A fresh coat of hull paint every two or three years will protect the value and longevity of your boat. If you are interested and able to do it yourself, your first task will be to remove the boat from the trailer and block it up for easy access to the underside. Patience and attention to detail in this process are imperative. With safety a primary consideration, you need the correct blocking and balancing equipment.

Lifting and blocking your boat off the trailer makes painting much easier.

Choose a level work site. The key to safety once your boat is off the trailer will be balance on the blocks and boat stands. Choose a location that is level and preferably hard. An indoor, concrete floor is best. Outdoors, consider placing plywood sheets under the trailer to support the blocks and stands to eliminate risks from ground or asphalt sinking.

Mark the hull for safe blocking areas. Use a wooden mallet or light hammer to gently tap the hull. The tapping sound will be significantly duller when created over a support strut. On most boats, hull strength under the engine is reinforced. Mark the struts and box out the engine area with a single color tape.
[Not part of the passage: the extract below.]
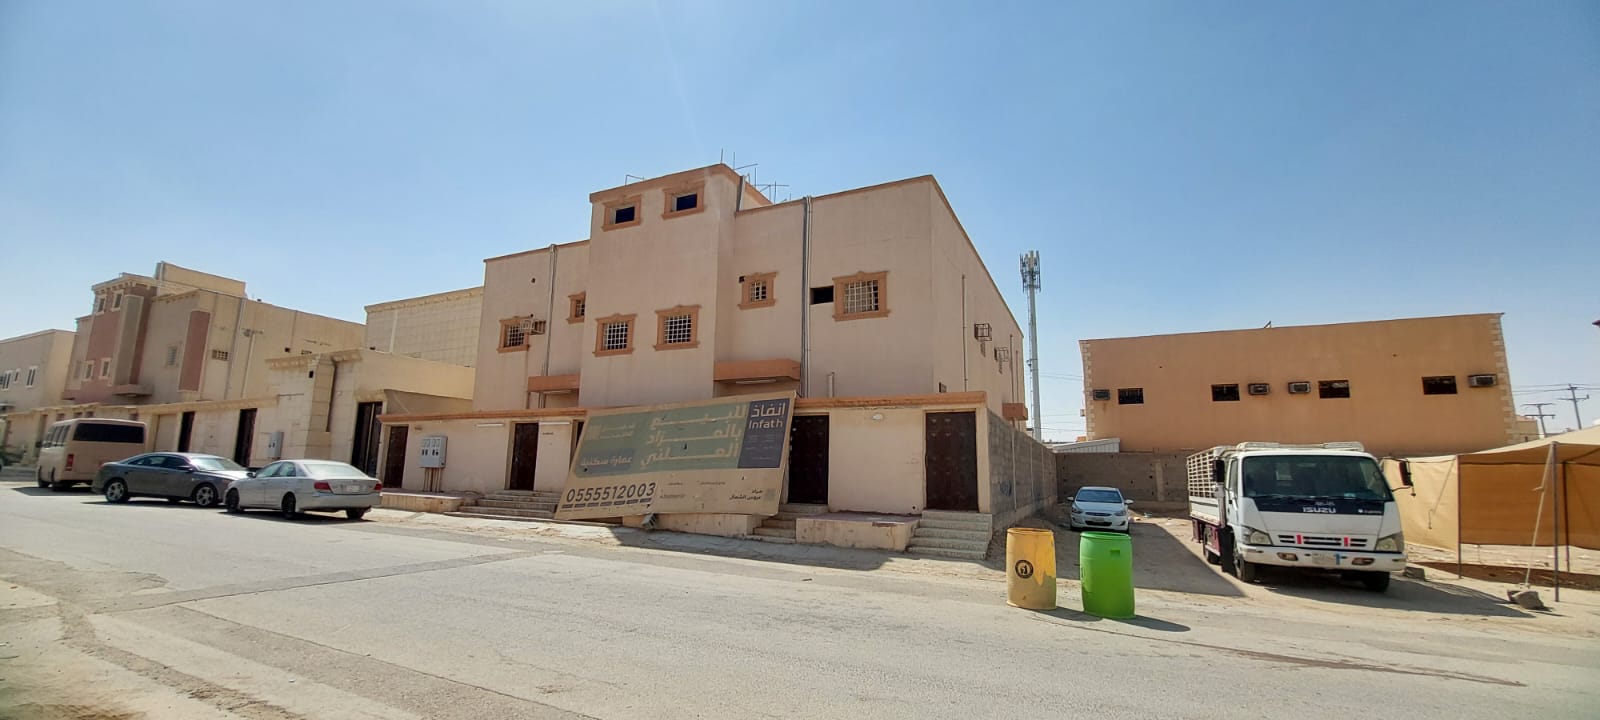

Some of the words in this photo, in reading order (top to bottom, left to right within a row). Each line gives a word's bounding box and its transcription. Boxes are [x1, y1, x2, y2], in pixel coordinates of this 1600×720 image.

Box out weak hull areas with a second color tape. Hull space under the bow should be marked as dangerous, because the steep angle may cause the boat to slip off blocks placed there. Central hull areas without struts may also be weak. Mark those as off limits for hydraulic jack placement.

Block the trailer tires for safety. Place a wheel block under each trailer tire to prevent the boat and trailer from rolling forward.

Disconnect all trailer tie downs.

Lift and block the stern. With boat stands in place and snug, use a hydraulic jack to lift the stern just enough to clear the trailer by one or two inches. Place stable wood blocks under the boat, using support markers as a guide for placement. Lower the boat so all of the weight is resting on the wooden blocks. Raise the boat stands to help balance the boat on the blocks. Remove the jack.

Lift the bow. Place an hydraulic jack under a supported forward section of the boat. Use scrap wood between the jack and the hull to prevent damage. Jack up the bow just enough to create 1 to 2 inches of clearance from the trailer.

Remove wheel blocks and roll the trailer forward. Stop just before the first trailer cross support reaches the jack. Place a second hydraulic jack on the opposite side of the trailer cross support. Raise the second jack to support the boat and remove the first jack. Repeat this process to cross the rear axle and pull forward until reaching the rear cross support. Carefully place a boat stand on each side of the boat as far forward as possible.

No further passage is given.